Afghan politician (died 2021)

Mullah Abdul Manan Niazi (ملا عبدالمنان نیازی; died 15 May 2021) was an Afghan politician and military commander. In the 1990s, he was the governor of the Herat and Balkh provinces. He was one of the famous commanders of the splinter group of the Taliban led by Mullah Rasool, and one of the helpers of the Taliban group led by Mullah Hibatullah Akhundzada. He was also a critic of the policy of regional countries, especially Iran and Pakistan, towards Afghanistan.

== Early life ==
Niazi was born in 1968 in Pashtun Zarghun. His family hailed from Kandahar. He studied at a madrassa.

==Islamic Emirate of Afghanistan==
In the 1990s, he was the governor of the Herat and Balkh provinces. He was one of the famous commanders of the splinter group of the Taliban led by Mullah Rasool, and one of the opponents of the Taliban group led by Mullah Hibatullah Akhundzada. He had many times managed the bloody conflicts between these two groups. He was a critic of the policy of regional countries, especially Iran and Pakistan, towards Afghanistan.

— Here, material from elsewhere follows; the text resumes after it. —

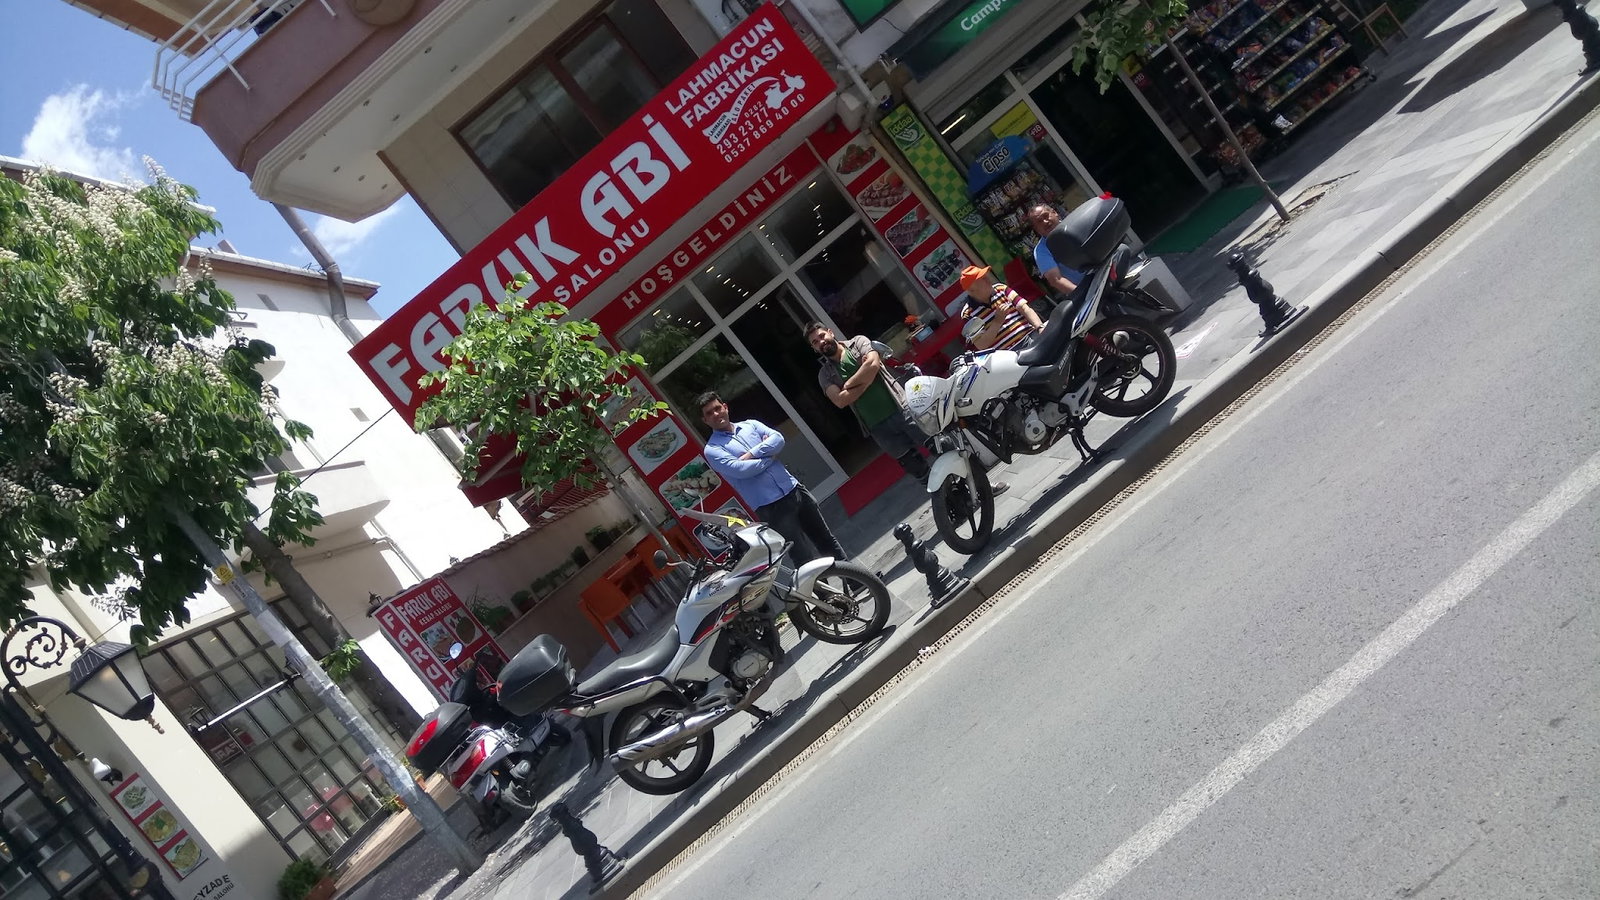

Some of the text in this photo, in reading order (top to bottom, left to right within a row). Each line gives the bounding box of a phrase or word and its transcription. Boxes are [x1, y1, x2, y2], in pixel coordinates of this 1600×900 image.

On 8 August 1998, During his governorship, and following the fall of the city of Mazar-i-Sharif to the Taliban, the headquarters of the Iranian consulate in this city was attacked and its diplomats disappeared. It was later reported that these diplomats were killed. Iran declared the Taliban group responsible for the killing of these diplomats, but this group claimed at that time that the killing was carried out by "arbitrary forces".

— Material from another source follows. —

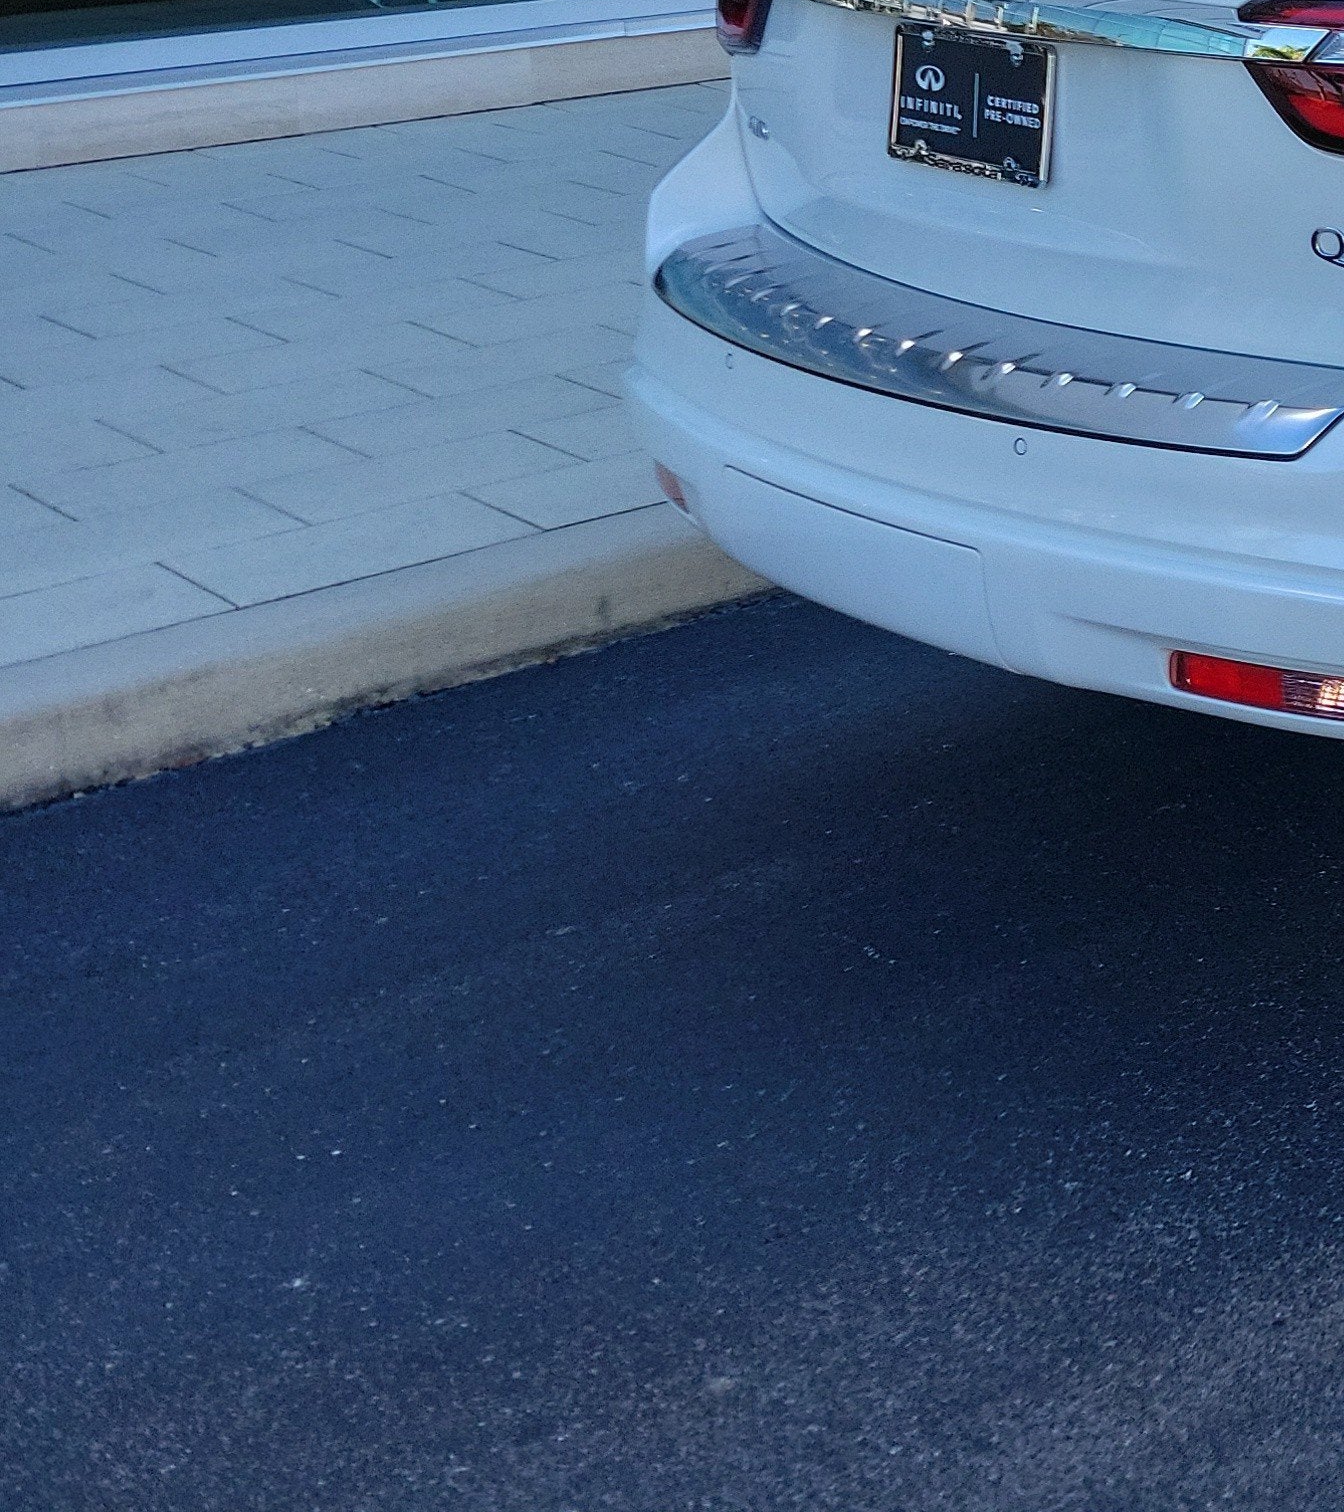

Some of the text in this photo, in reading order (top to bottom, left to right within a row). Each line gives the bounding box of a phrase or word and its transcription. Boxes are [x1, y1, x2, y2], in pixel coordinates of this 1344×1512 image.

[900, 95, 961, 119] INFINITI
[986, 94, 1040, 115] CERTIFIED
[983, 108, 1041, 130] PRE-OWNED

The most criticisms against him go back to the time when it is said that he was the "governor" of Balkh Province during the rule of the Taliban Emirate in Afghanistan, precisely when this province was at war and was changing hands.

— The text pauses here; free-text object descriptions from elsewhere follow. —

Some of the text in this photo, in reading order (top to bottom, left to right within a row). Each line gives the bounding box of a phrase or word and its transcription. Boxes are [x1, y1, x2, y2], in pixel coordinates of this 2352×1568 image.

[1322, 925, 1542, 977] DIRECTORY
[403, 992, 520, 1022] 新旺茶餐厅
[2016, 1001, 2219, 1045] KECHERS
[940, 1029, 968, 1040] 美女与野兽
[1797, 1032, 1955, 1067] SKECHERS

== Opinion on ethnic Hazaras ==
In an interview with the FRONTLINE, just over 2 week before his death, Niazi said "Inside Afghanistan, all the Hazaras are Fatemiyoun. I will kill Fatemiyoun and all others who are key players in the civil war in Afghanistan. I will kill thousands of Hazaras".

==Death==
On 11 May 2021, He was severely wounded in an attack by Taliban militants in Kariz-e-Mikhi, in the border between Guzara and Adraskan districts. He died of his injuries on 15 May in a hospital in Kabul.